[Opening GIVEN RECORDS section]

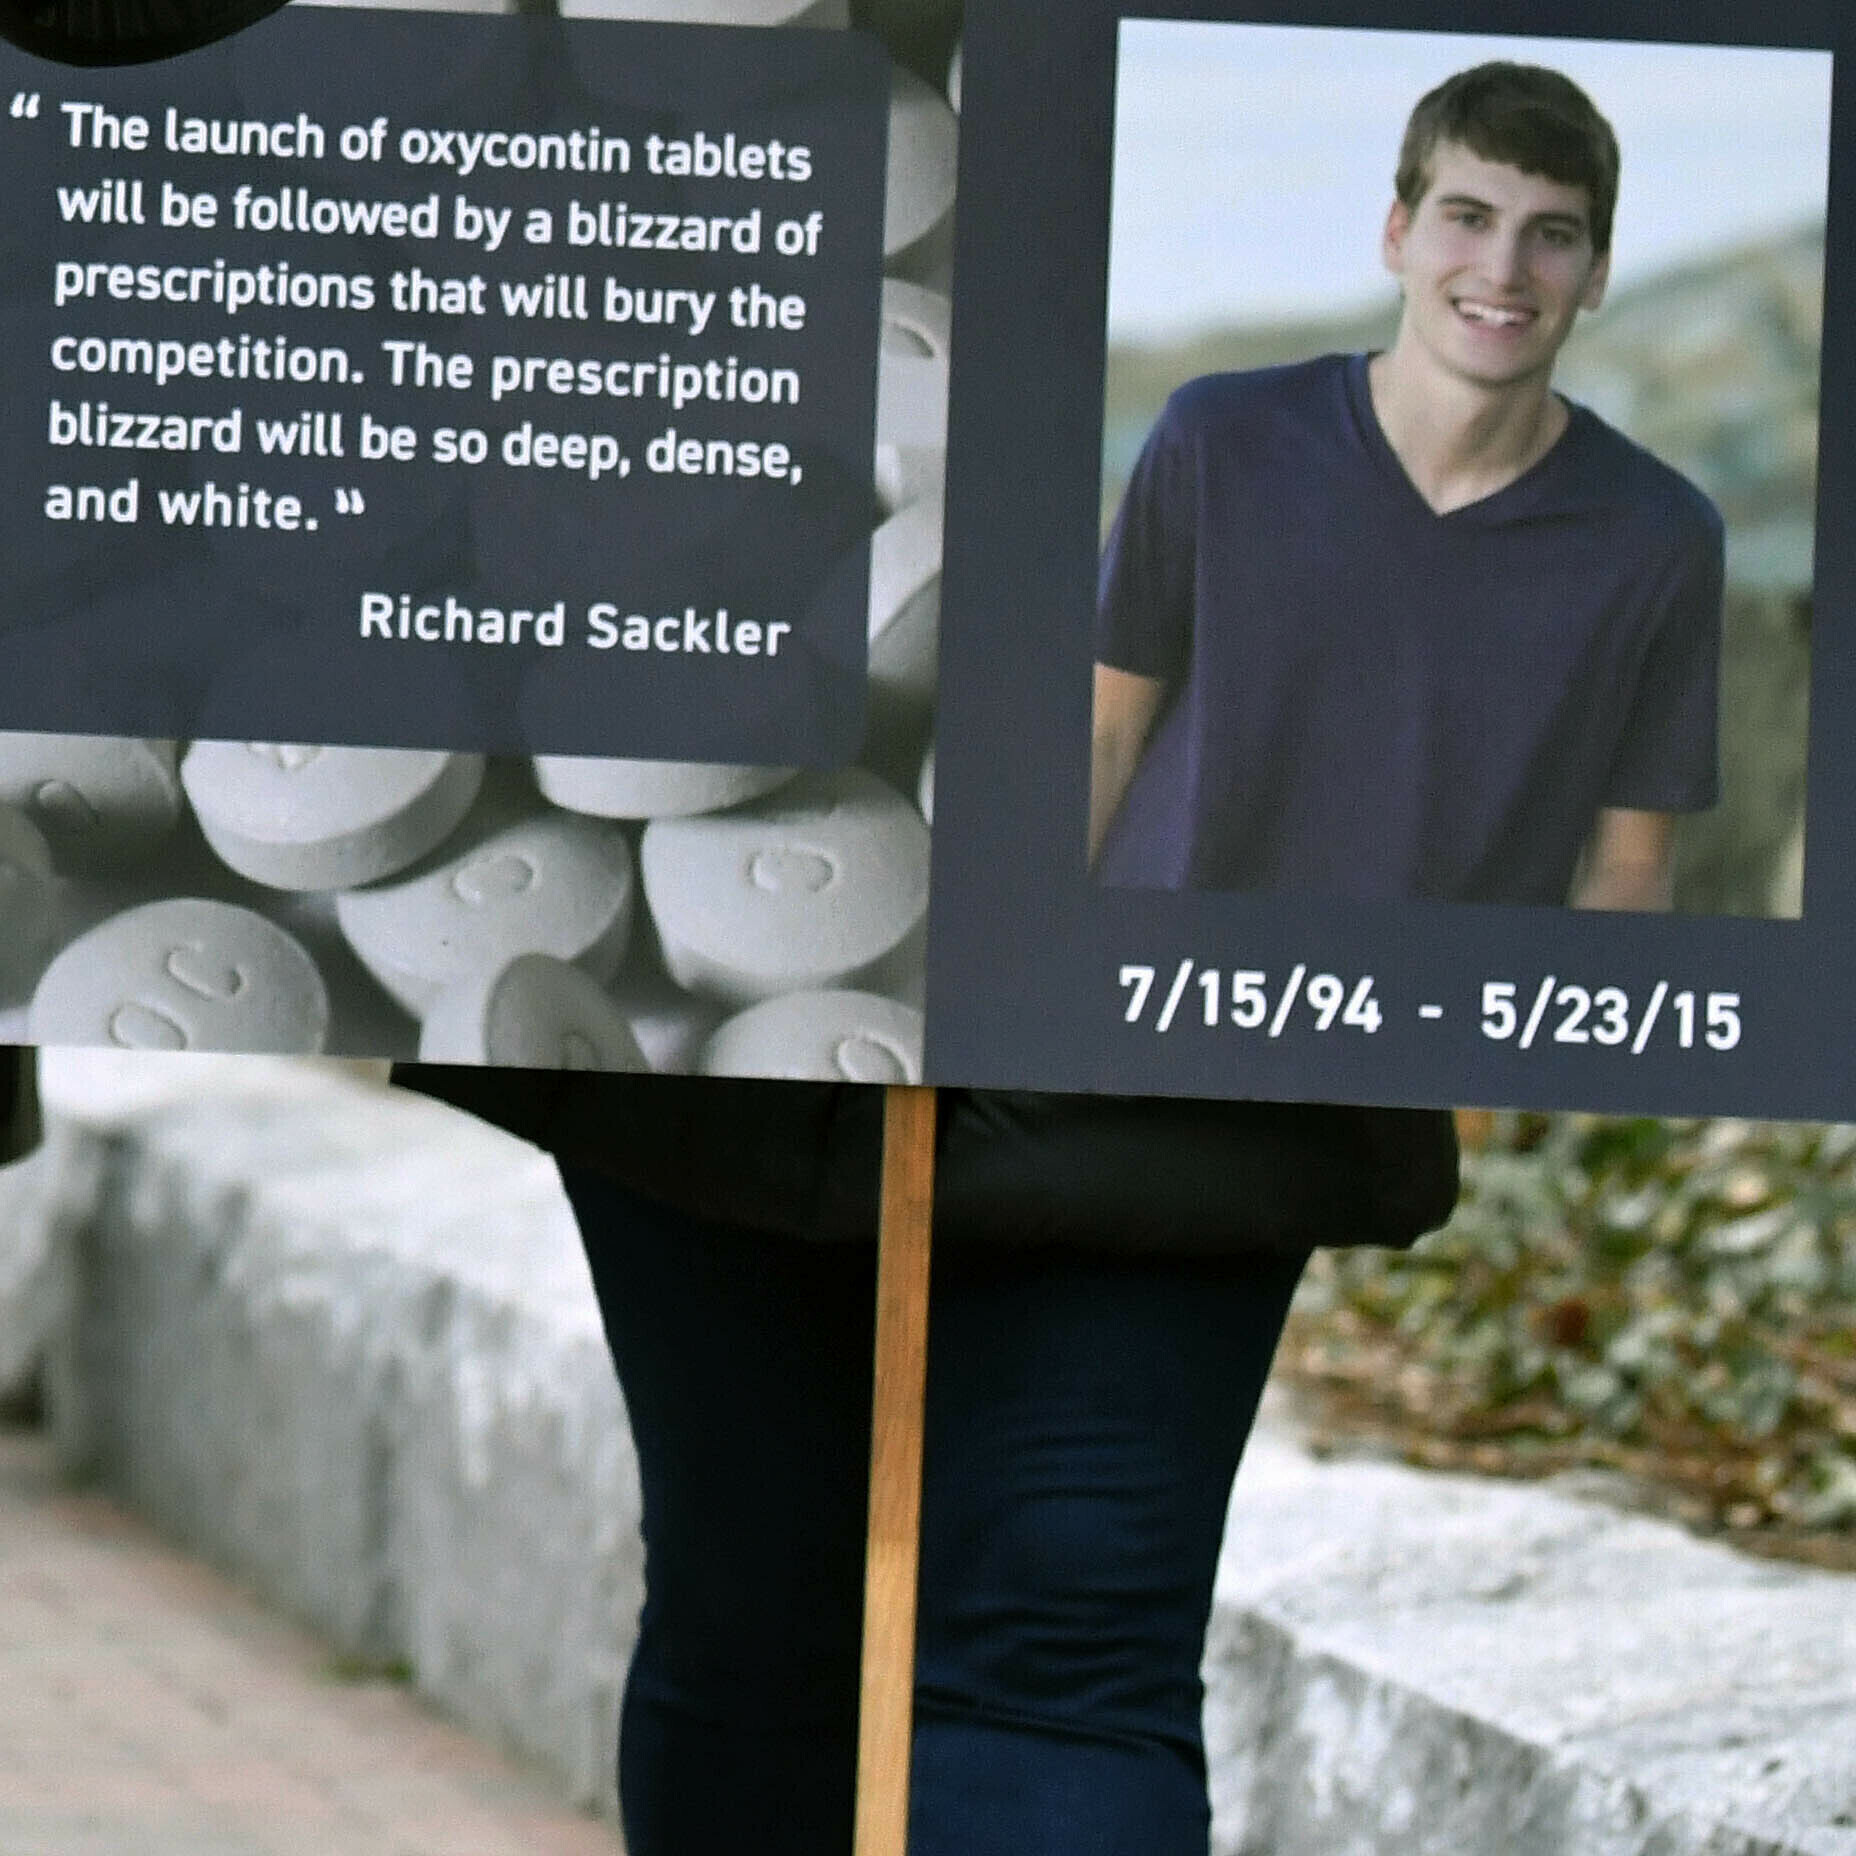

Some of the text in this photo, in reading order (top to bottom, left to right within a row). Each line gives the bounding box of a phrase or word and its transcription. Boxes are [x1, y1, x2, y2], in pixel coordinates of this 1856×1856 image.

[60, 102, 150, 151] The
[165, 107, 325, 159] launch
[340, 117, 388, 161] of
[400, 127, 631, 176] oxycontin
[645, 132, 812, 182] tablets
[57, 179, 823, 256] will be followed by a blizzard of
[55, 259, 806, 336] prescriptions that will bury the
[51, 334, 800, 410] competition. The prescription
[49, 400, 802, 485] blizzard will be so deep, dense,
[45, 479, 139, 523] and
[158, 482, 318, 531] white.
[360, 592, 791, 656] Richard Sackler
[1119, 959, 1383, 1038] 7/15/94
[1481, 976, 1741, 1055] 5/23/15

[Closing GIVEN RECORDS section]

◆ **INSTRUCTIONS TO FOLLOW**: Go through the entries and retype each one exactly, skipping any image.

◆ **TASK ANSWER**:
Some of the text in this photo, in reading order (top to bottom, left to right within a row). Each line gives the bounding box of a phrase or word and its transcription. Boxes are [x1, y1, x2, y2], in pixel coordinates of this 1856×1856 image.

[60, 102, 150, 151] The
[165, 107, 325, 159] launch
[340, 117, 388, 161] of
[400, 127, 631, 176] oxycontin
[645, 132, 812, 182] tablets
[57, 179, 823, 256] will be followed by a blizzard of
[55, 259, 806, 336] prescriptions that will bury the
[51, 334, 800, 410] competition. The prescription
[49, 400, 802, 485] blizzard will be so deep, dense,
[45, 479, 139, 523] and
[158, 482, 318, 531] white.
[360, 592, 791, 656] Richard Sackler
[1119, 959, 1383, 1038] 7/15/94
[1481, 976, 1741, 1055] 5/23/15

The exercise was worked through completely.